Dr. Bettina Wagner, a veterinarian and immunology expert serving as the AHDC’s Director of Serology, has built several important assays using xMAP® Technology. When she first joined the ADHC in 2006, she acquired a new Luminex® 100™ System, which proved so effective that she upgraded to the Luminex 200™. She now has four of these units—three in the AHDC and another in her research lab, where she performs much of her initial work on developing new assays.
Early in Dr. Wagner’s tenure at the AHDC, she established an xMAP-based test to replace western blot and ELISA tests for Borrelia burgdorferi, the pathogen responsible for most cases of Lyme disease.
“When we introduced the test in 2011, it was the first multiplex serological assay for veterinary species,” Wagner recalls. The bead-based test could be used across multiple species and, unlike its predecessor assays, offered more than just a ‘yes or no’ answer.
“This test gives more information than the previous testing for Lyme,” she adds. “It can quantify antibodies to three specific antigenic proteins of the pathogen with broad linear range. Differences in antibody pattern against the three proteins can also tell us whether an infection is early or chronic, and it can evaluate treatment success as antibodies decline,” she says. The test also includes a marker to examine vaccine success and antibody titers.

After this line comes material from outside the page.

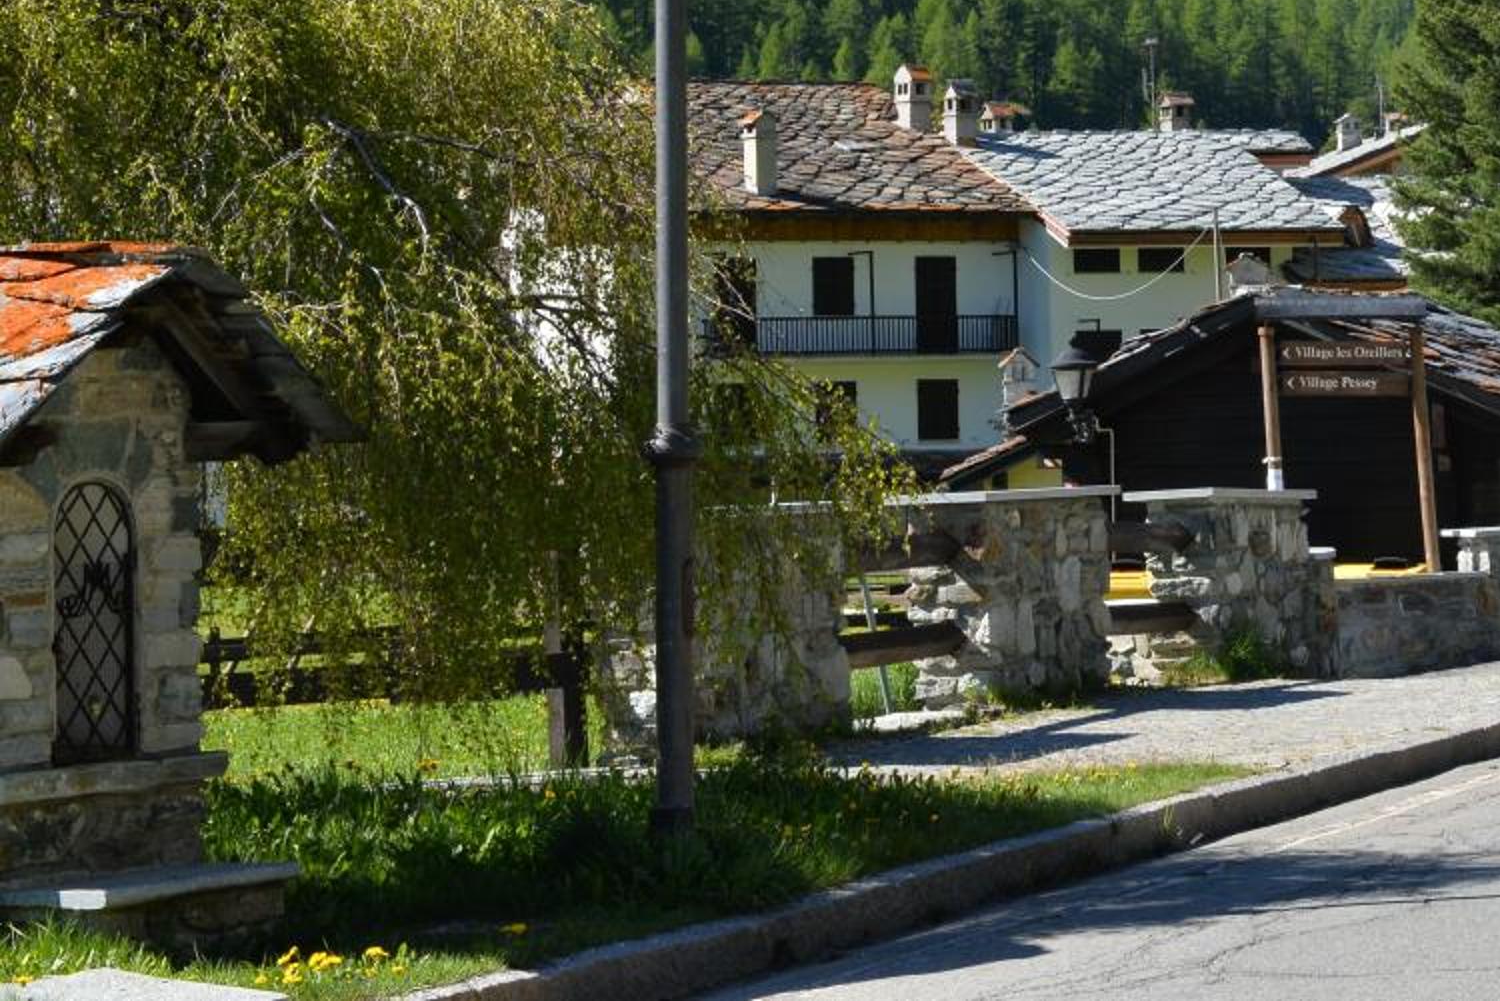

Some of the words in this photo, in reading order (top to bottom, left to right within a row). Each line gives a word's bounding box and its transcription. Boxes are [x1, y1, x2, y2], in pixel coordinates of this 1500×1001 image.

[1295, 346, 1333, 359] Village
[1336, 346, 1351, 358] les
[1299, 376, 1338, 390] Village

Taking advantage of the many applications of xMAP Technology
Around the same time she created the test for B. burgdorferi, Dr. Wagner began a USDA-funded project to develop monoclonal antibodies for equine immunological molecules. She designed a multiplex cytokine assay—the first available for horses—using xMAP Technology. “We have run this assay for many years for the equine research community,” she adds.
Following the success of these initial projects, Dr. Wagner and her team continue to design additional multiplex tests. Most recently, Wagner and her team developed a test to detect antibodies associated with COVID-19 in felines, which they tested on cat samples collected from veterinarians in New York City.
“Luminex technology is great—we use it every day,” Dr. Wagner says. “Multiplexing is very important for us. We can offer advanced interpretation by using multiple targets, so it is an experiment life-saver for many samples where we simply don’t have enough volume to run several separate assays.”